[Text-to-region grounding data]
-------------------------
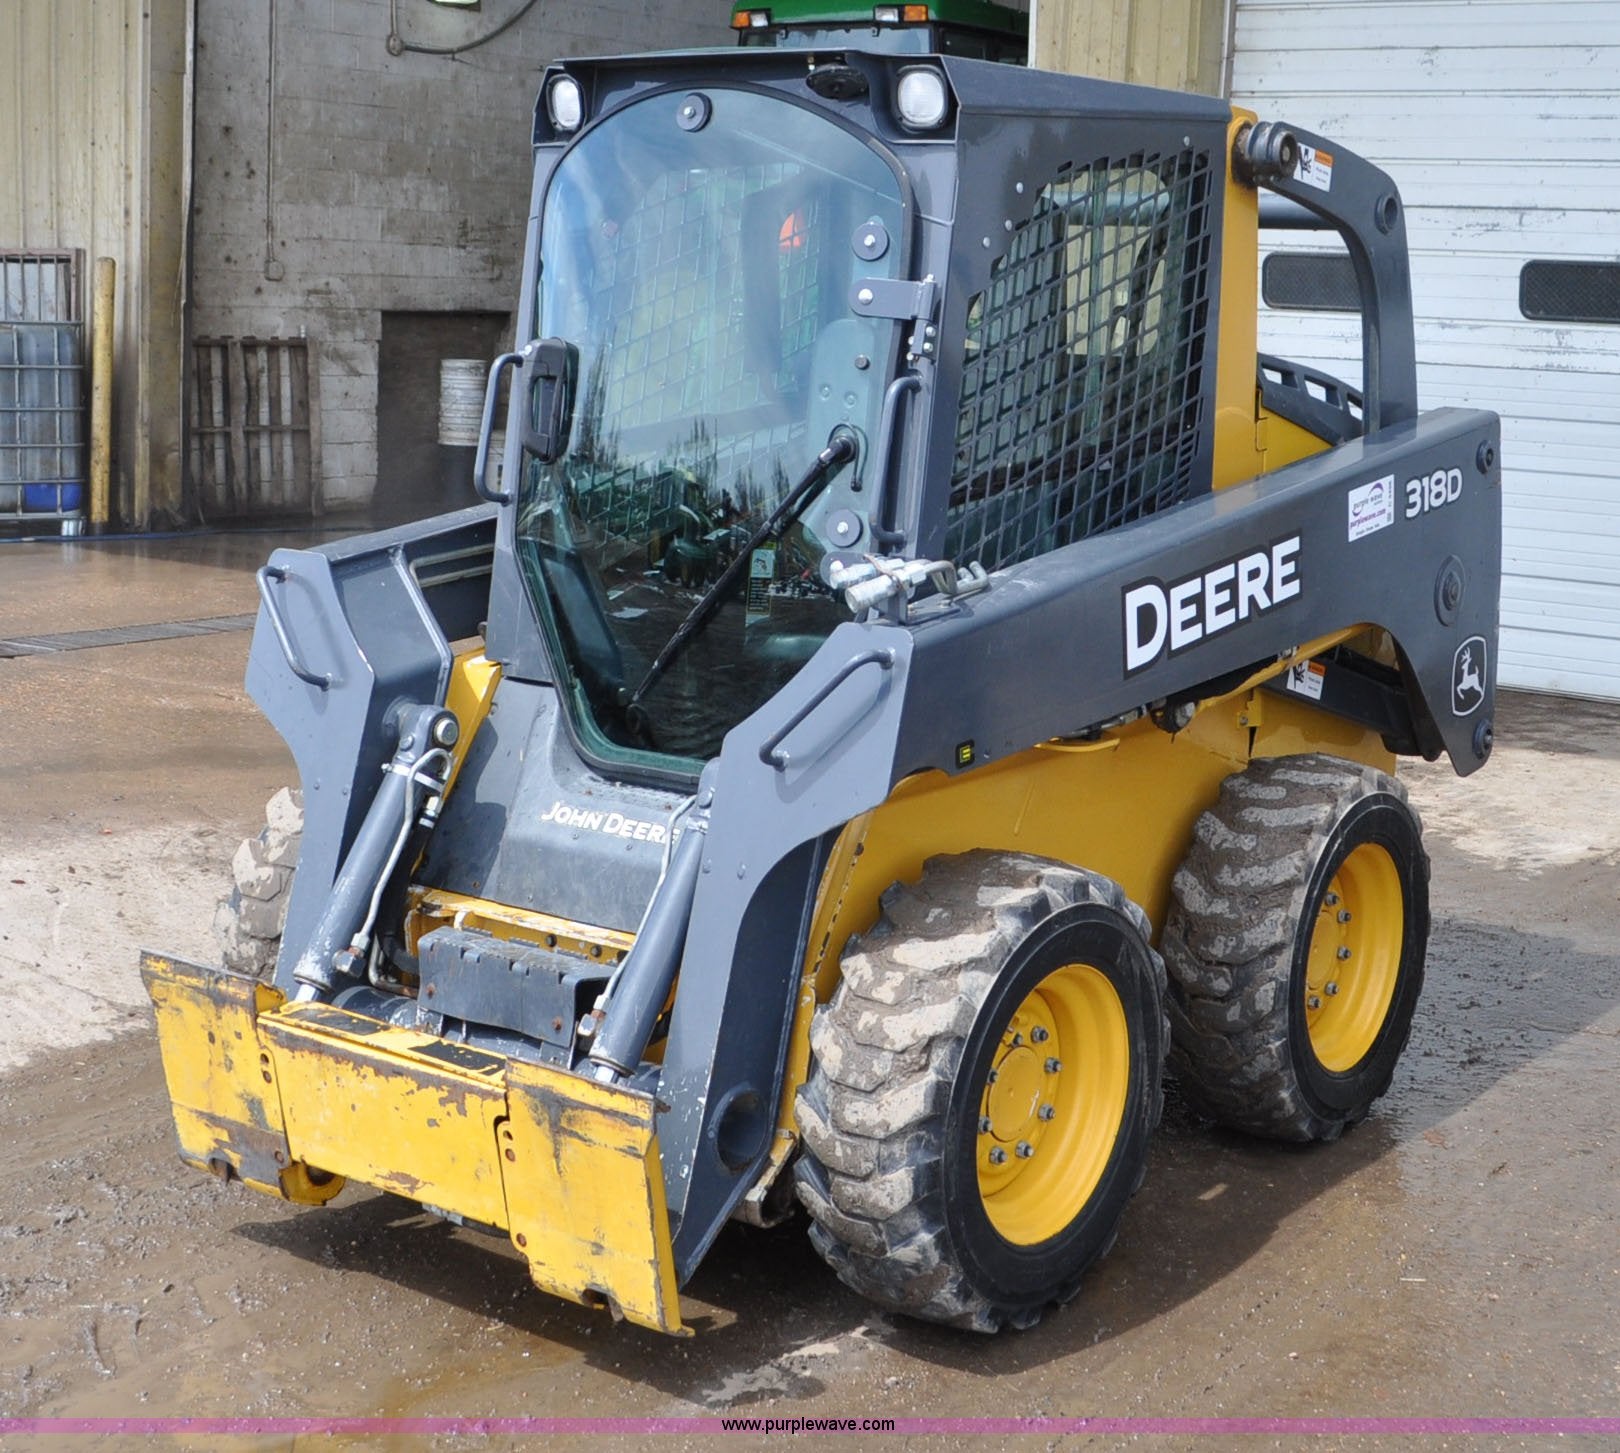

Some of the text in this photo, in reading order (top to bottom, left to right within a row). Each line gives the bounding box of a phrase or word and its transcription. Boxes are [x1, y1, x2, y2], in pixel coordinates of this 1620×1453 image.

[1406, 468, 1462, 518] 318D
[1125, 536, 1300, 671] DEERE
[541, 801, 602, 831] JOHN
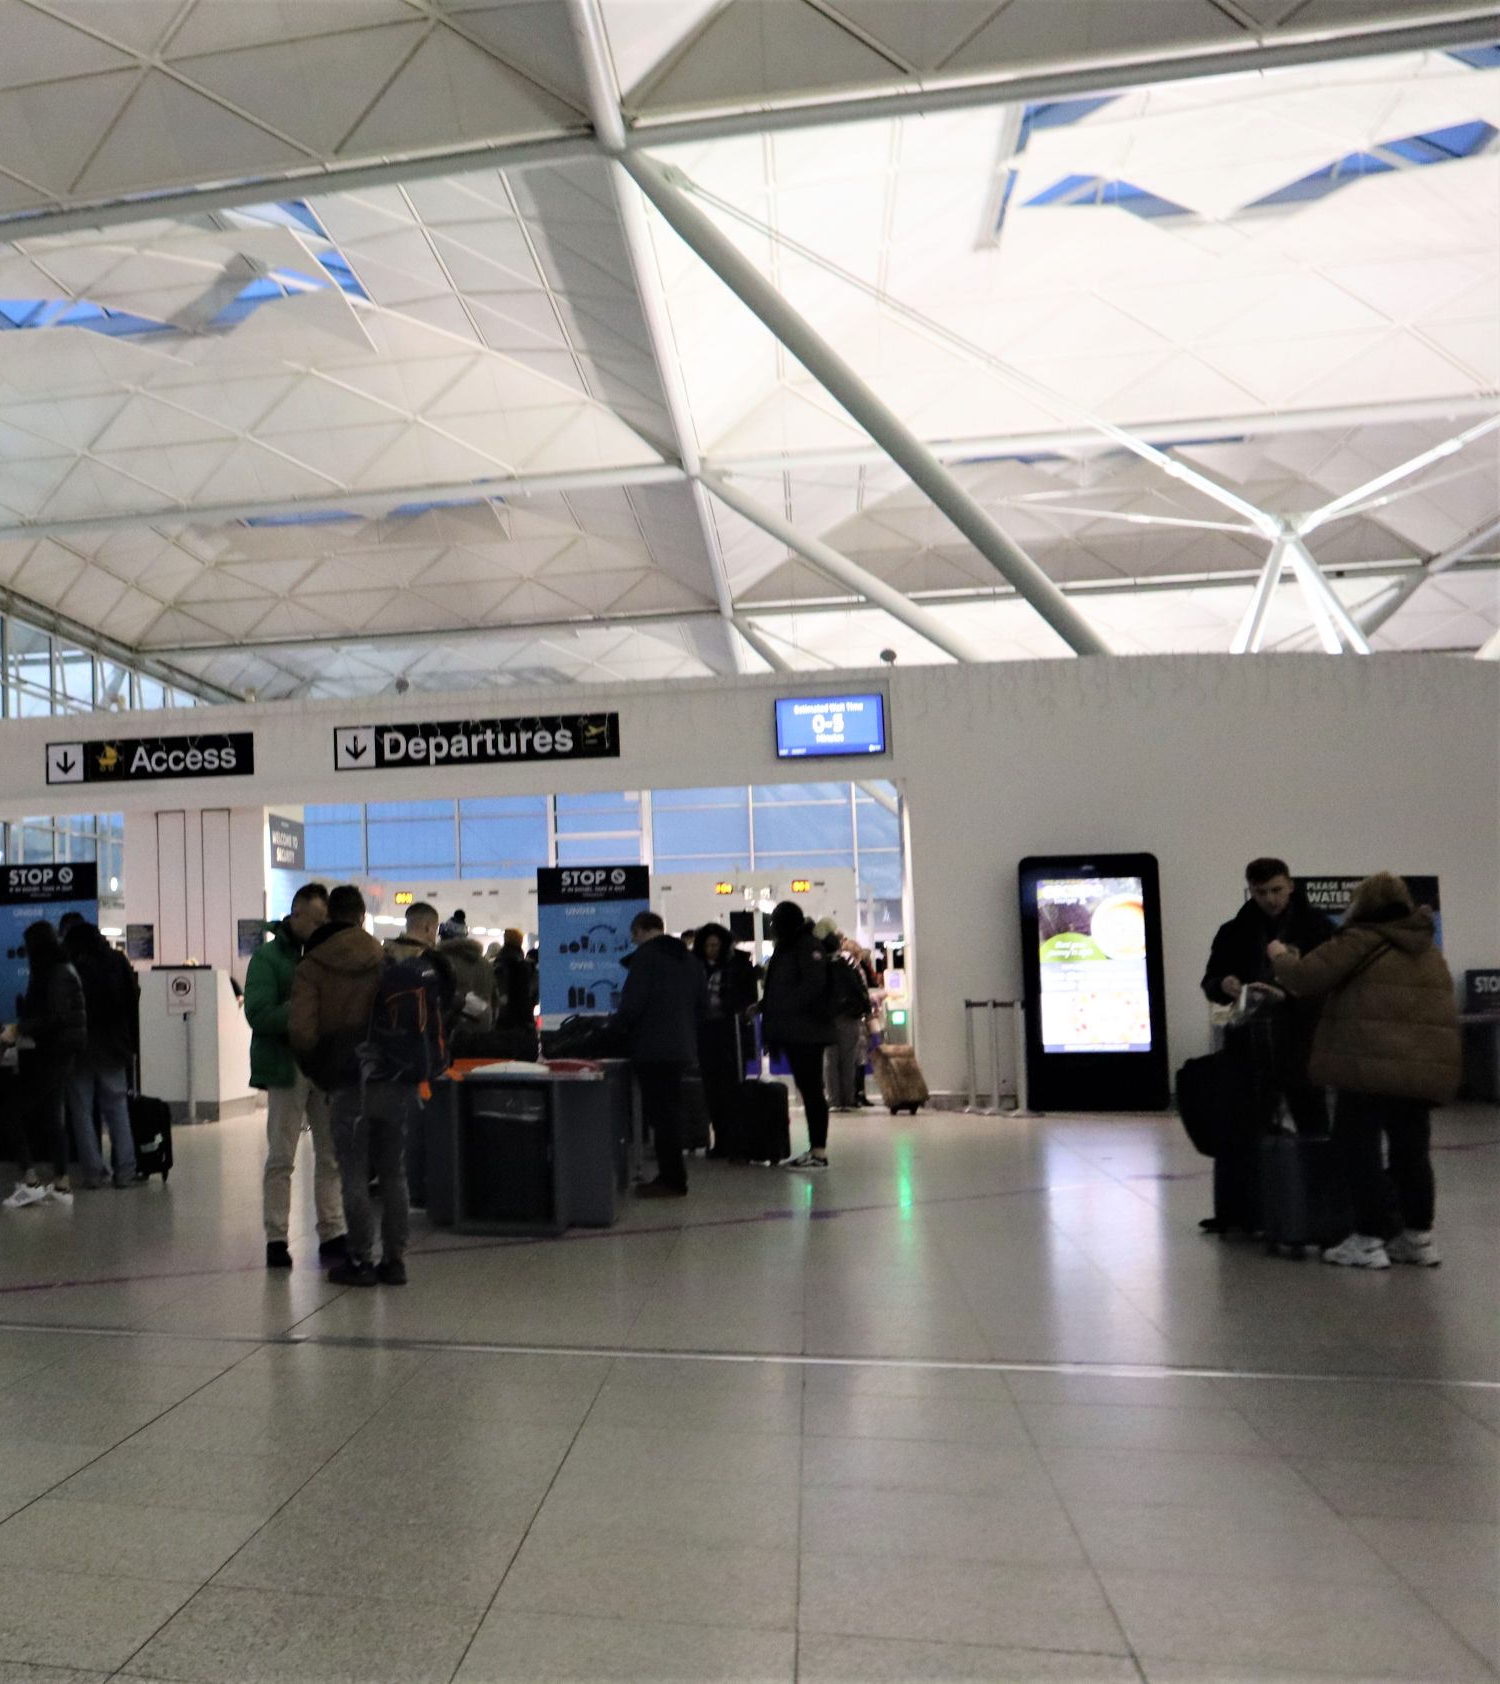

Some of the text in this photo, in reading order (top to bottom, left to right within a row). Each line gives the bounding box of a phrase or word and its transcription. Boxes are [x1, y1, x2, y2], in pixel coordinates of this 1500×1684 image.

[383, 728, 574, 766] Departures
[130, 746, 237, 773] Access
[9, 868, 54, 886] STOP
[561, 870, 606, 886] STOP
[1306, 880, 1339, 891] PLEASE
[1307, 890, 1351, 904] WATER
[1474, 975, 1500, 993] STO
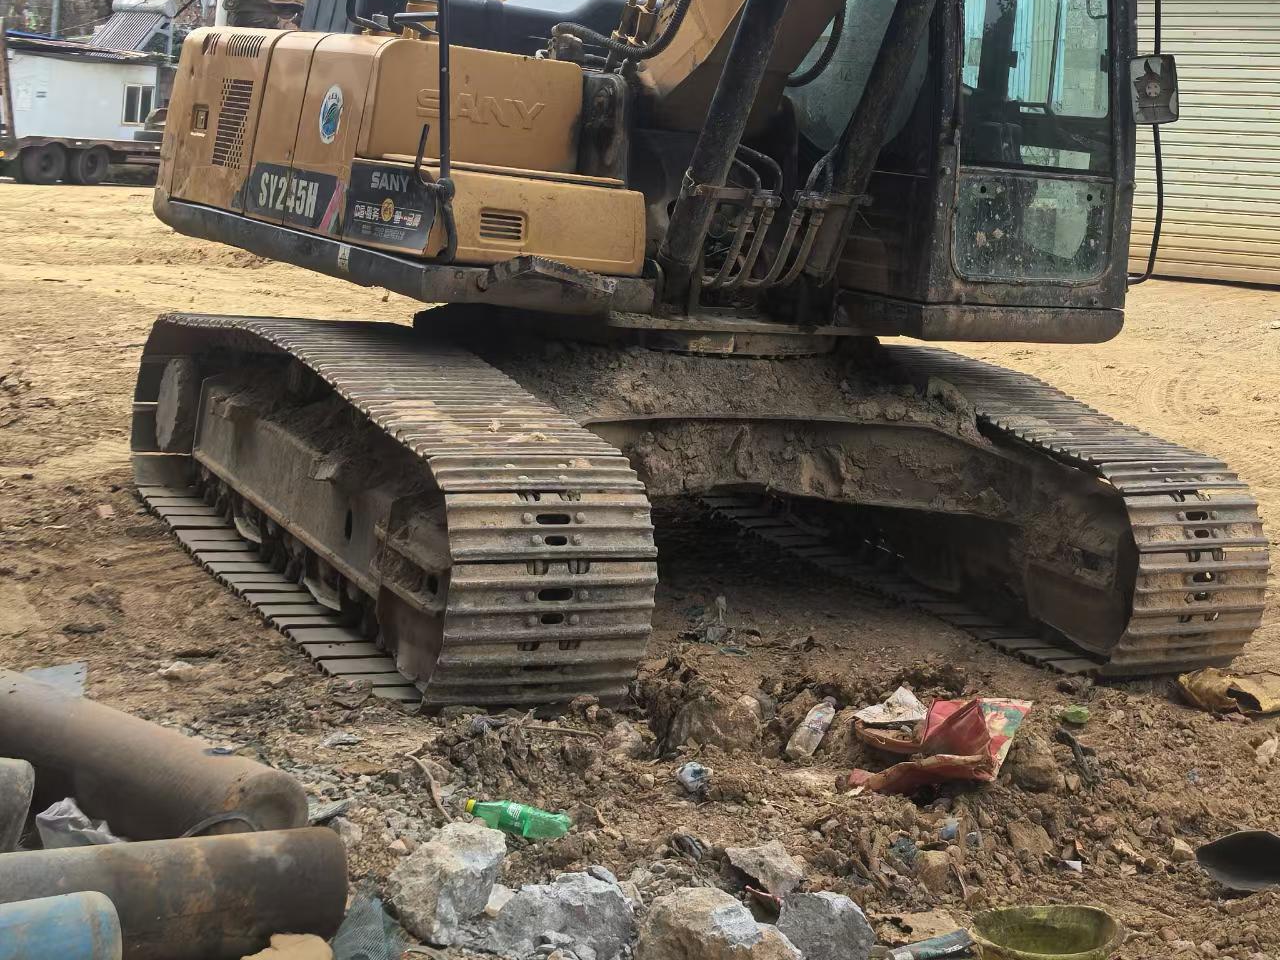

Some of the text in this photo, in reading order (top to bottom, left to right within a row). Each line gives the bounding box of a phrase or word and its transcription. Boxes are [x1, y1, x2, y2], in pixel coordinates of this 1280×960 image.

[415, 88, 545, 130] SANY
[259, 172, 319, 218] SY245H
[371, 171, 410, 193] SANY
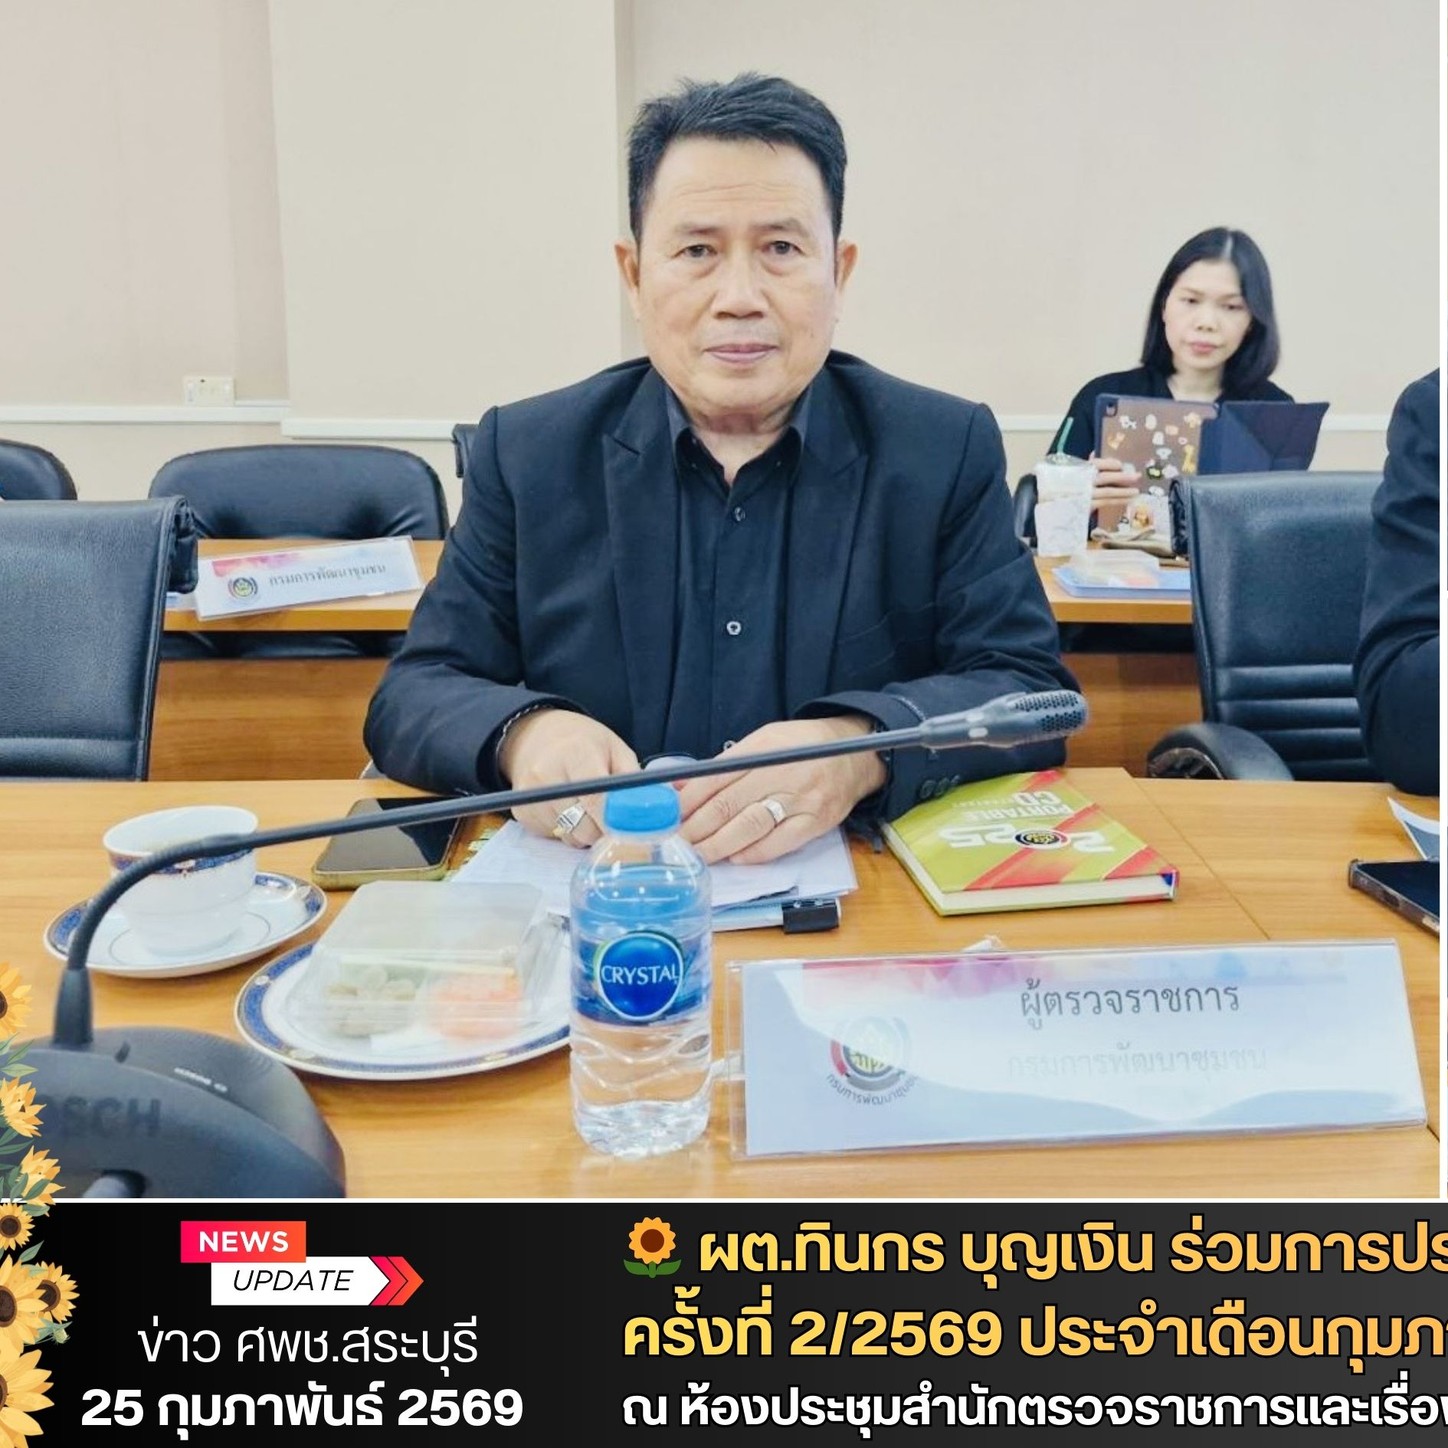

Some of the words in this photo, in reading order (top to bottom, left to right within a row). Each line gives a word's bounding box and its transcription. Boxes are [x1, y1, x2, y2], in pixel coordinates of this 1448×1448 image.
-------------------------
* [TASK BRIEF]:
Write the records out exactly once more, leaving off the pictures.

* [PROBLEM SOLUTION]:
Some of the text in this photo, in reading order (top to bottom, left to right within a row). Each line gives the bounding box of a phrase or word and its transcription. Boxes are [x1, y1, x2, y2], in pixel coordinates of this 1620×1453 image.

[1406, 468, 1462, 518] 318D
[1125, 536, 1300, 671] DEERE
[541, 801, 602, 831] JOHN

Some of the text in this photo, in reading order (top to bottom, left to right within a row). Each line gives the bounding box of a phrase or word and its transcription. Boxes are [x1, y1, x2, y2], in pixel coordinates of this 1500×1684 image.

[383, 728, 574, 766] Departures
[130, 746, 237, 773] Access
[9, 868, 54, 886] STOP
[561, 870, 606, 886] STOP
[1306, 880, 1339, 891] PLEASE
[1307, 890, 1351, 904] WATER
[1474, 975, 1500, 993] STO

Some of the text in this photo, in reading order (top to bottom, left to right within a row). Each line gives the bounding box of a phrase or word and its transcription. Boxes are [x1, y1, x2, y2], in pixel coordinates of this 1280×960 image.

[415, 88, 545, 130] SANY
[259, 172, 319, 218] SY245H
[371, 171, 410, 193] SANY

Some of the words in this photo, in reading order (top to bottom, left to right within a row). Each line gives a word's bounding box and its transcription. Boxes are [x1, y1, x2, y2], in pixel coordinates of this 1448×1448 image.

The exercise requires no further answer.